Kirill: Interesting. You’re saying that your contour was contiguous?
Deblina: Yeah.
Kirill: Okay. Very interesting. I thought the deep learning area for
image recognition is convolutional neural nets?
Deblina: Yeah, it is, but then what I did was I used this particular
fuzzy neural net system. Exactly, it was fuzzy convolutional
neural nets.
Kirill: Fuzzy convolutional neural nets. Okay.
Deblina: Yeah, exactly. So that was the one which I compared it with.
Maybe because I was working with R last night and I got
confused—anyway, that was how I did it. So, the contour of
interests were scattered for FCNN and not for the algorithm
which we developed.
Kirill: Cool. So your algorithm is pretty up at the top there.
Interesting. We might be studying that very soon. If you
write a Python library, maybe.
Deblina: Yeah, sure. Maybe. (Laughs) I will do that.
Kirill: All right, cool. And once you finish your degree in two
months, where do you think that will take you?
Deblina: Right now, I really don’t know because I’m totally focusing
on this graduation stuff. I’ve been writing my thesis. And
after that I’m headed to Intel for two months in their R&D
section for some work on Internet of Everything. That’s IOx,
a new thing. And after that I will just be open to
opportunities. I don’t really know, but I would definitely love
to learn and just keep doing what I’m doing.
Kirill: Okay. And do you have some kind of a dream, some problem
that you want to solve in the world using artificial
intelligence?
Deblina: As I told you, for me, health care is one of the things that I
really want to get out there and totally automate it. I’m not
saying like perform surgeries and stuff, but for the first-time
diagnosis, or even helping the doctors, making their work
easy. So that would be great, so that the time for diagnosis
is saved considerably and the accuracy of your prognosis,
when you’re doing it, that will be much better. I want to do
that.
As of now, I haven’t really thought long-term what I’m going
to do, but it’s going to be everything related to AI. Another
problem is that right now, the field of AI has a lot of
capabilities like NLP, text and speech, knowledge recovery,
image processing, separately, but none of the work that we
have done with respect to all the work around the world
happening right now. We need to integrate it and make it as
one single system. That hasn’t been done as of even 2017.

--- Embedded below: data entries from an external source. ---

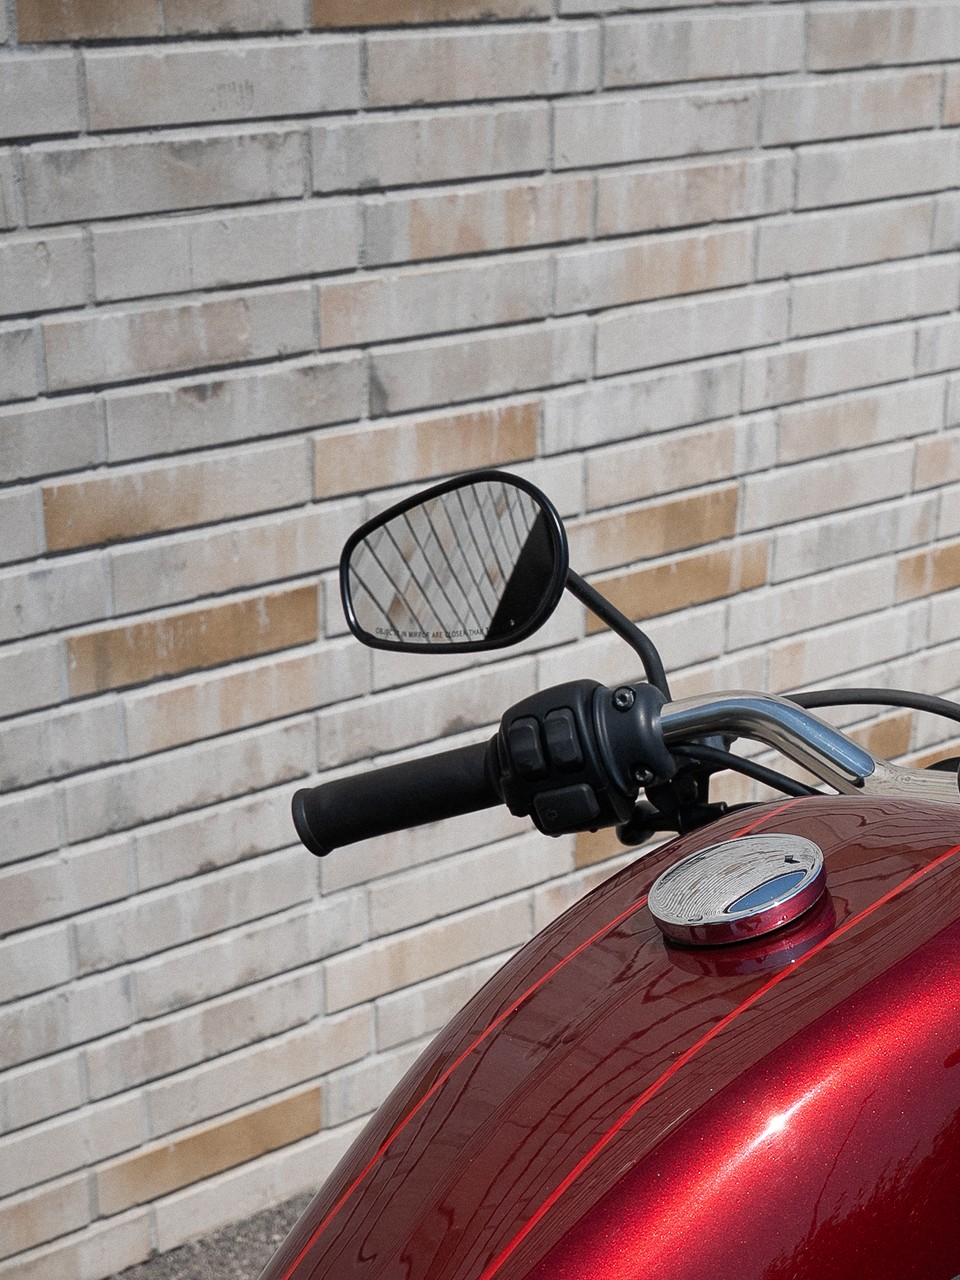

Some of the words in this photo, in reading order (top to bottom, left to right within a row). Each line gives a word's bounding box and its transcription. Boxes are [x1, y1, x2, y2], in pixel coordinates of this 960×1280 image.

[375, 627, 400, 637] OBJECTS
[408, 631, 430, 639] MIRROR
[432, 631, 443, 639] ARE
[445, 630, 467, 639] CLOSER
[468, 627, 484, 636] THAN
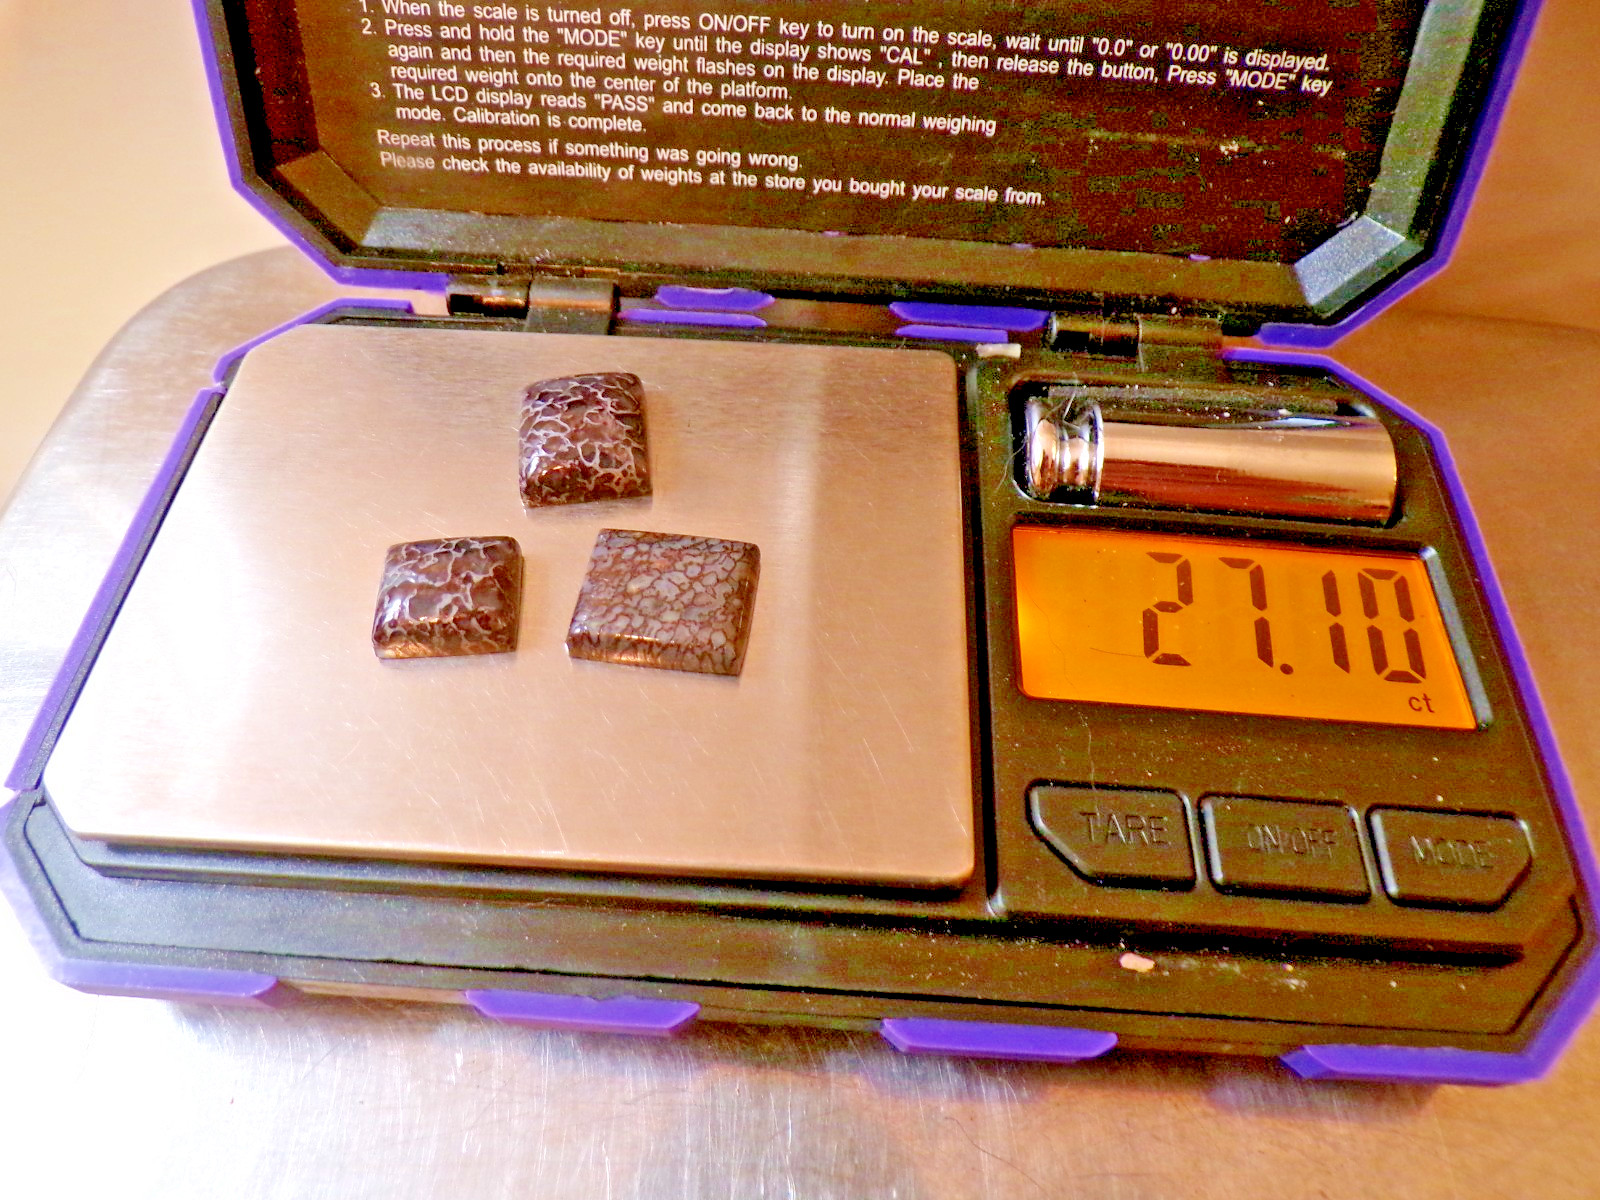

The day that we build an end-to-end AI system, that would
be great, with all these functionalities. That would be the
ultimate aim of any AI researcher.
Kirill: Okay. That’s a big undertaking, definitely. Let’s talk a bit
about where the field of AI and data science is going in
general. From what you’ve seen around the world and from
the research you’ve done, what do you think the future is of
artificial intelligence?
Deblina: As far as I know, from the opinions of the scientists and the
researchers with whom I’ve met in conferences around the
world, what all of us are thinking is that the field of data
science is headed towards a fusion with intelligence systems
to create smart cities of the future. That’s the main vision. I
also strongly believe that with the on-going research with
real-time big data and Internet of Everything right now, data
science is going to explode in the future with a lot of stuff
happening. As of today – I just read this this morning when I
got up – Strata and Scala have been replaced by Hadoop
already—I’m sorry, Strata and Scala have replaced Hadoop.
Kirill: (Laughs) Just a bit of a different direction.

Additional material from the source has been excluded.